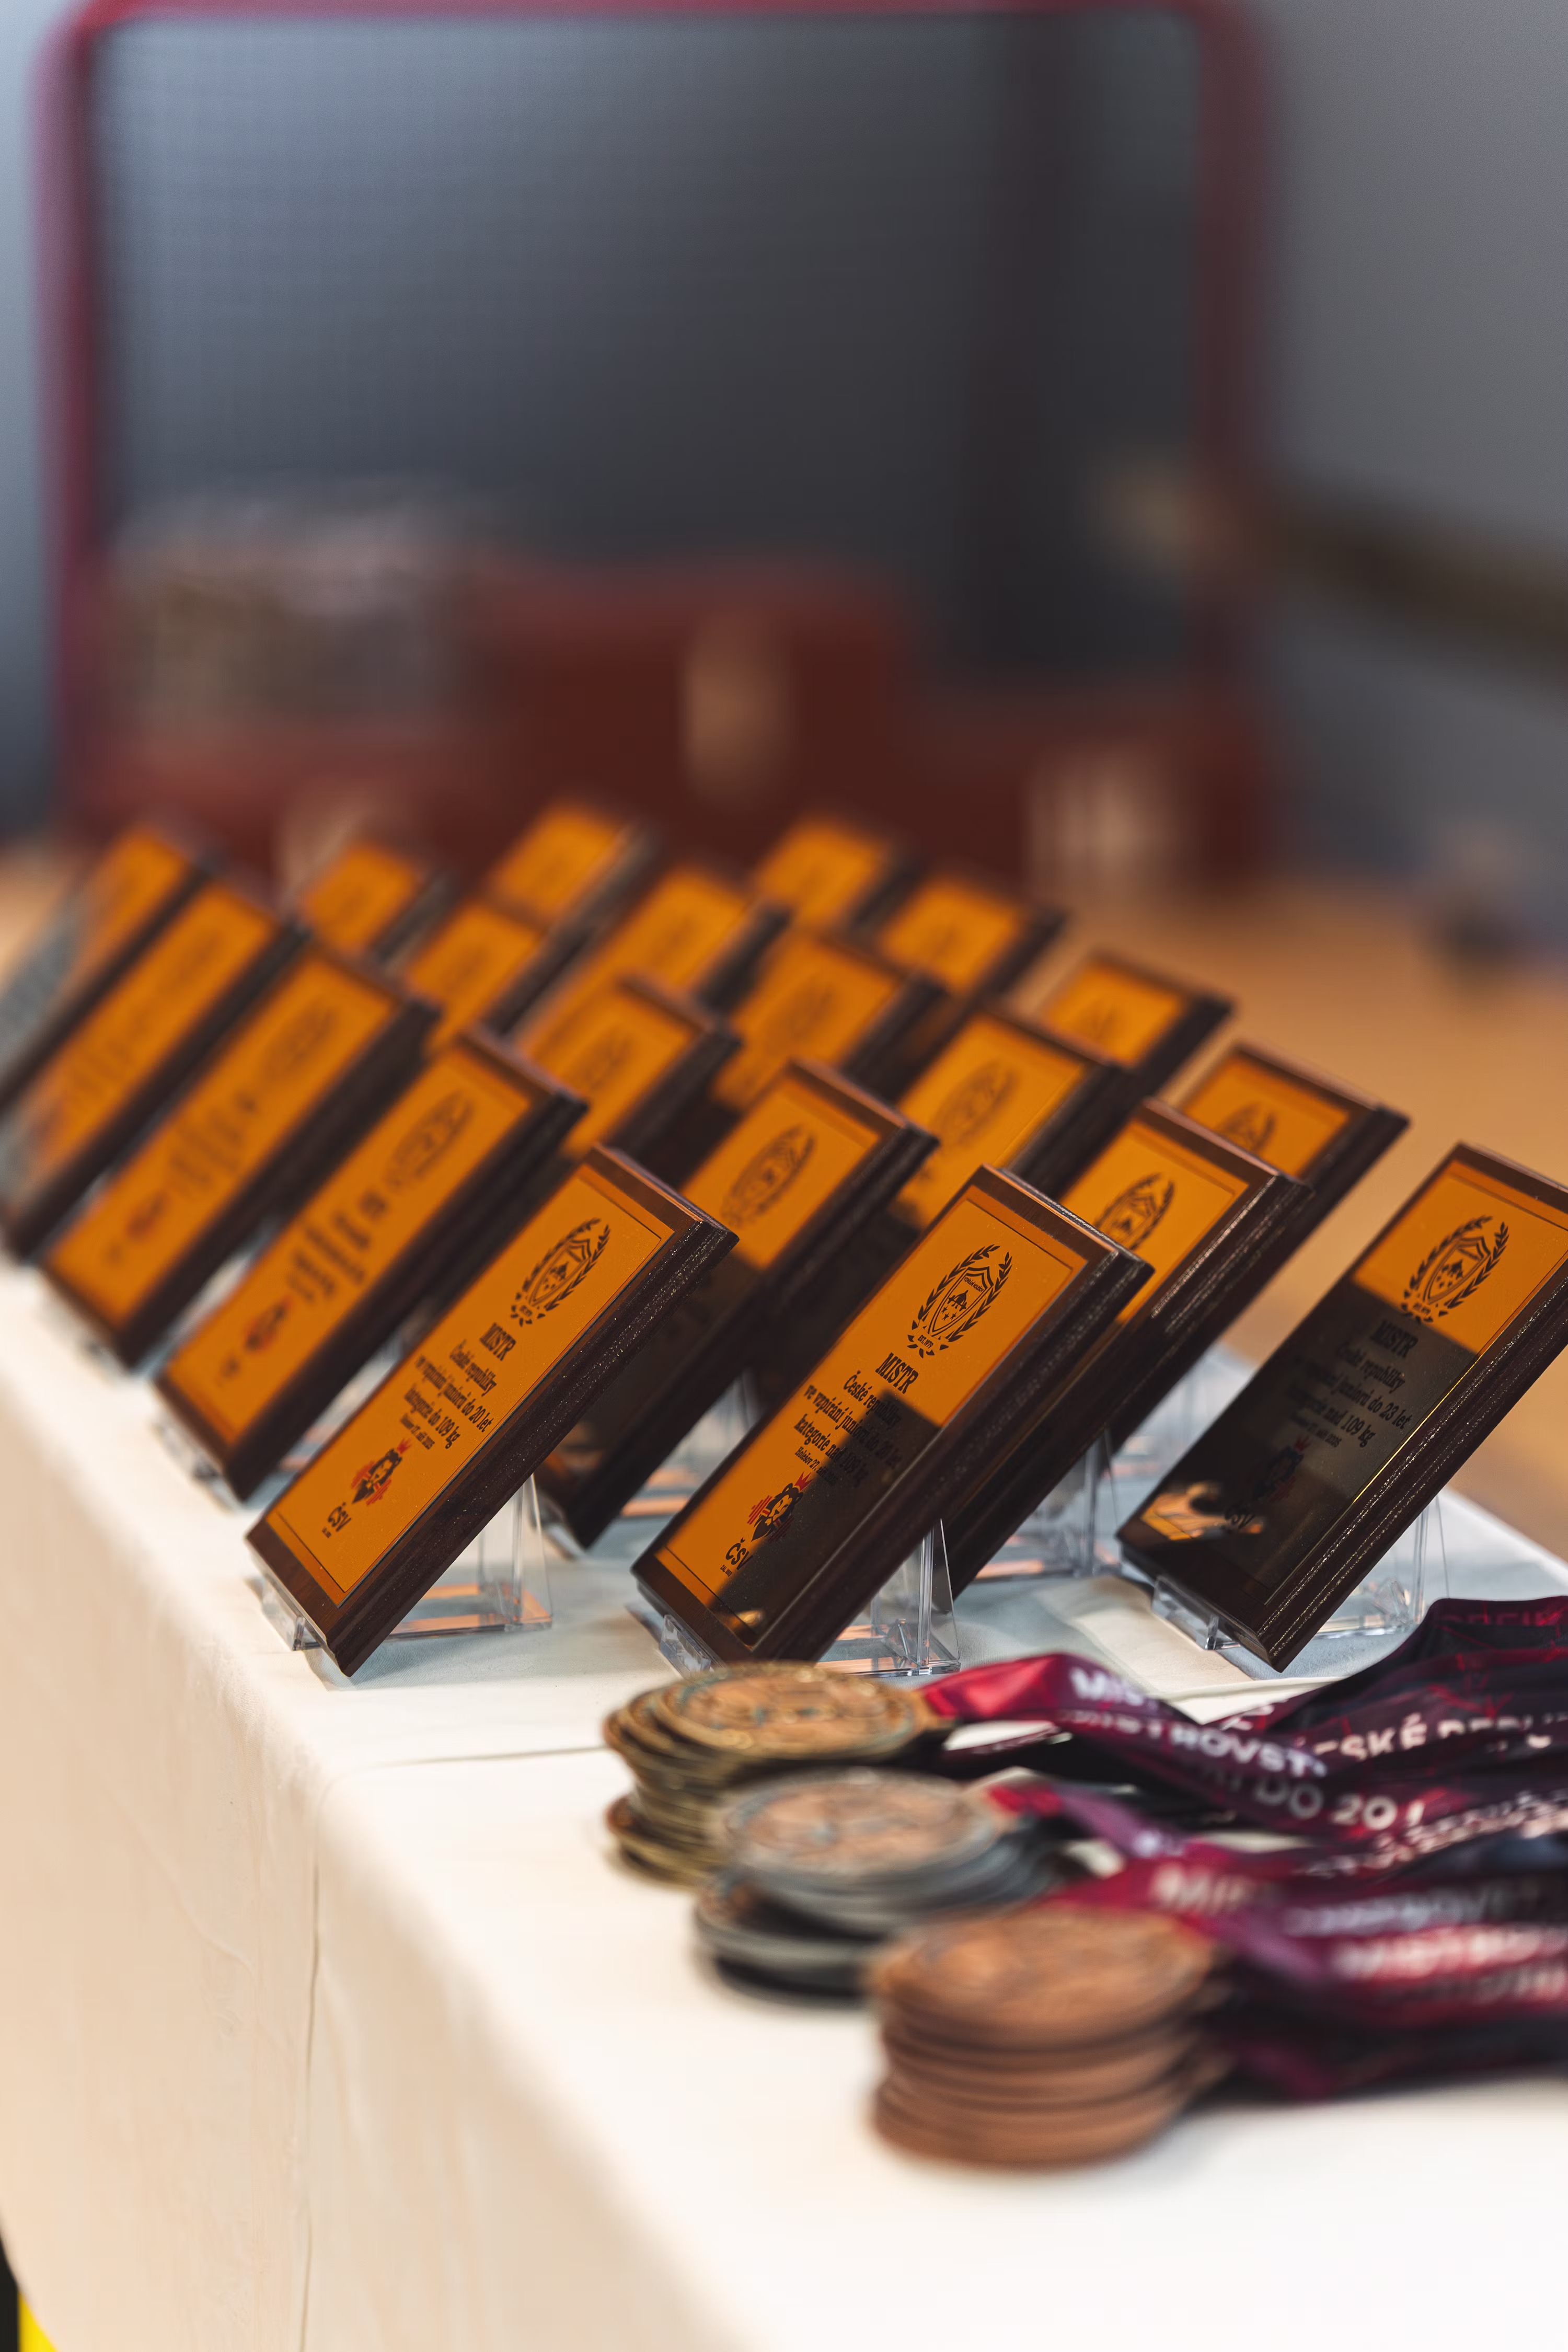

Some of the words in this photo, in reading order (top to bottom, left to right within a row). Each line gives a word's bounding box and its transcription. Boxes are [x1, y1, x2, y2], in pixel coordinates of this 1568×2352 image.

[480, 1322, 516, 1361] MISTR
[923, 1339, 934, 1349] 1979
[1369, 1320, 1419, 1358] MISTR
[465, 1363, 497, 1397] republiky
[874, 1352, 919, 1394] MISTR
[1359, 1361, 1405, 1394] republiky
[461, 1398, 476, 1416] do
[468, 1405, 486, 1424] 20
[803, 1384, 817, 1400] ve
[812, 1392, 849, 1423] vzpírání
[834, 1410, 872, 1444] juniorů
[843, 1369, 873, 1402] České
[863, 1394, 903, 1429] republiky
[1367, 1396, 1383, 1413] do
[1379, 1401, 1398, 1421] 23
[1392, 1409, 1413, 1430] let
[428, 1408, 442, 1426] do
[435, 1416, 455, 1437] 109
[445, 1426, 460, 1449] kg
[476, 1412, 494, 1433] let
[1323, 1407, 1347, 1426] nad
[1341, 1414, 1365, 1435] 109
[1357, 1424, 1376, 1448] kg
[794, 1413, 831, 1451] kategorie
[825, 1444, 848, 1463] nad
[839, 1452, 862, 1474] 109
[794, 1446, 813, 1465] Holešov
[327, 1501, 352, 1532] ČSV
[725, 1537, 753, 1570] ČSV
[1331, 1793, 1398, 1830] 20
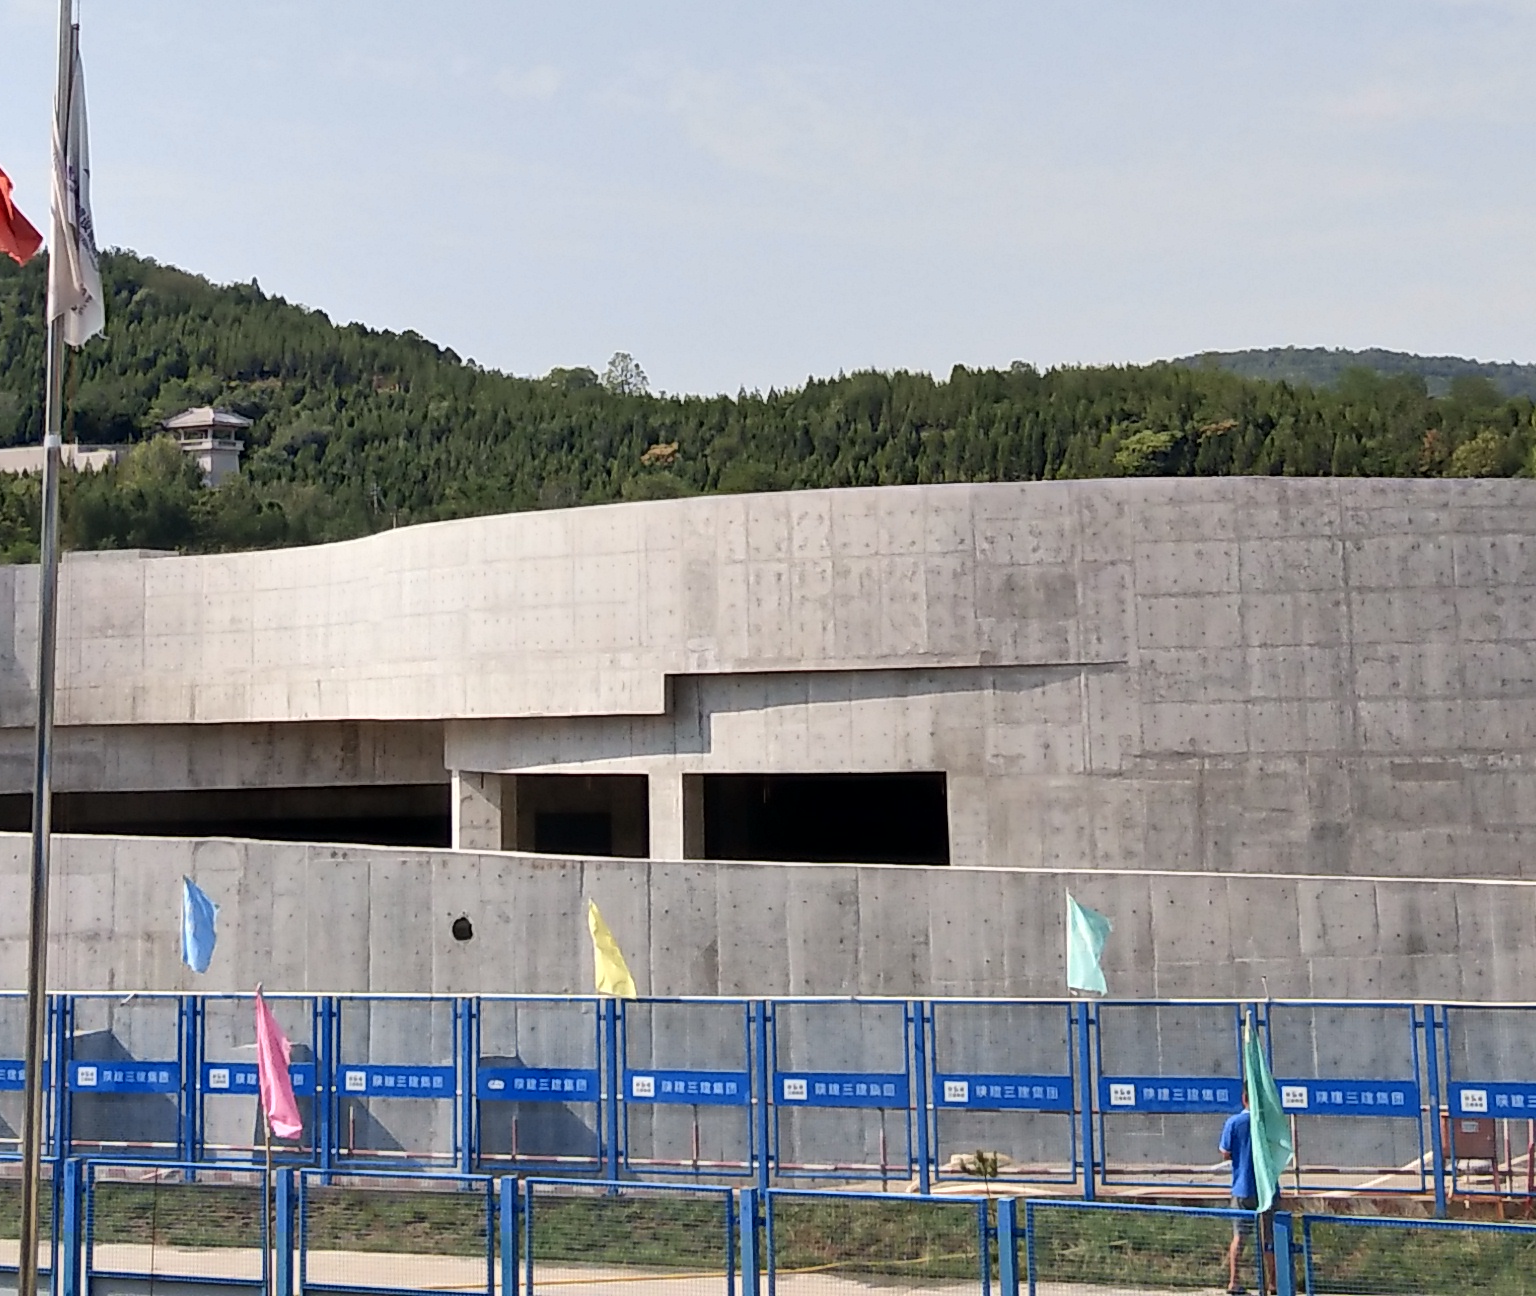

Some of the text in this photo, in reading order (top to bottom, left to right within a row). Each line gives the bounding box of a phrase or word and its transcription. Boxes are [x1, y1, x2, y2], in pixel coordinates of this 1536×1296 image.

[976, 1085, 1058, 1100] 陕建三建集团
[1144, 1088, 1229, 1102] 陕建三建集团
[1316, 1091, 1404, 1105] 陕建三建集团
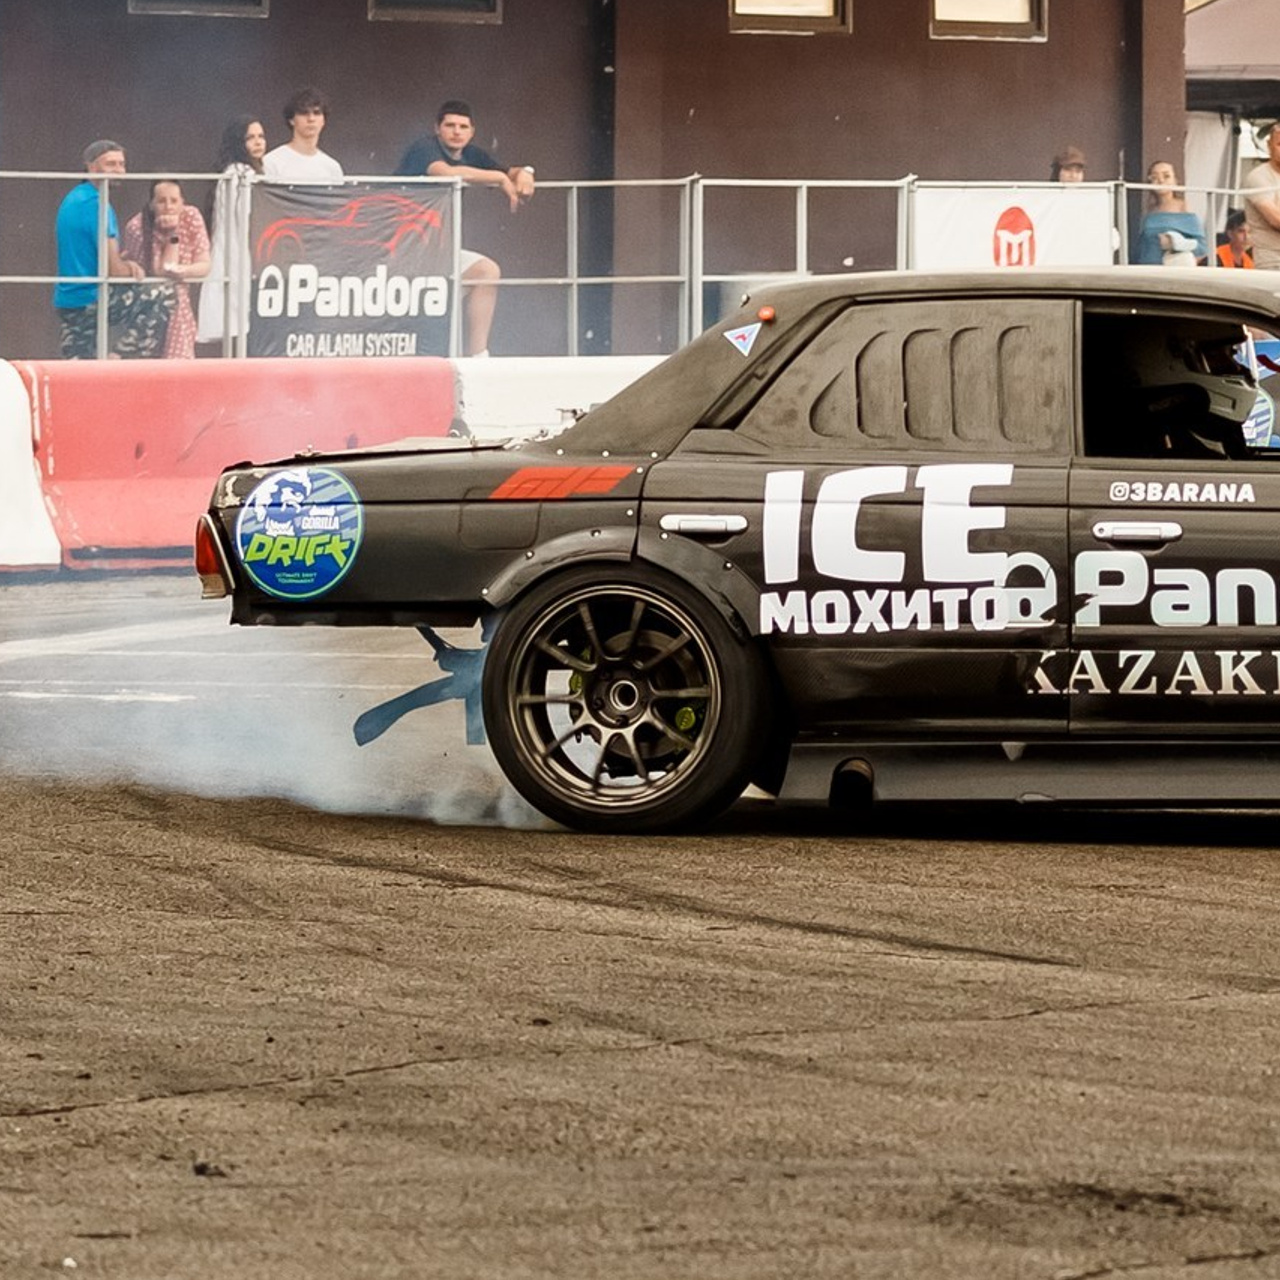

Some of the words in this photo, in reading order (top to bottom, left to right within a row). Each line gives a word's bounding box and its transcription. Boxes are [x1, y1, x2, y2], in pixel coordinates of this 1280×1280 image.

· · · · ·

• _Task to complete_: Set down exactly the lines between the line containing "Some of the text" and the end of the records above, both ends included; pictures stay out.

• _Reply to the exercise_:
Some of the text in this photo, in reading order (top to bottom, left to right within a row). Each line gives the bounding box of a phrase or word and its transcription. Boxes are [x1, y1, x2, y2], in pixel coordinates of this 1536×1296 image.

[976, 1085, 1058, 1100] 陕建三建集团
[1144, 1088, 1229, 1102] 陕建三建集团
[1316, 1091, 1404, 1105] 陕建三建集团

Some of the words in this photo, in reading order (top to bottom, left to right within a row). Each line gives a word's bounding box and its transcription. Boxes are [x1, y1, x2, y2], in pixel coordinates of this 1280×1280 image.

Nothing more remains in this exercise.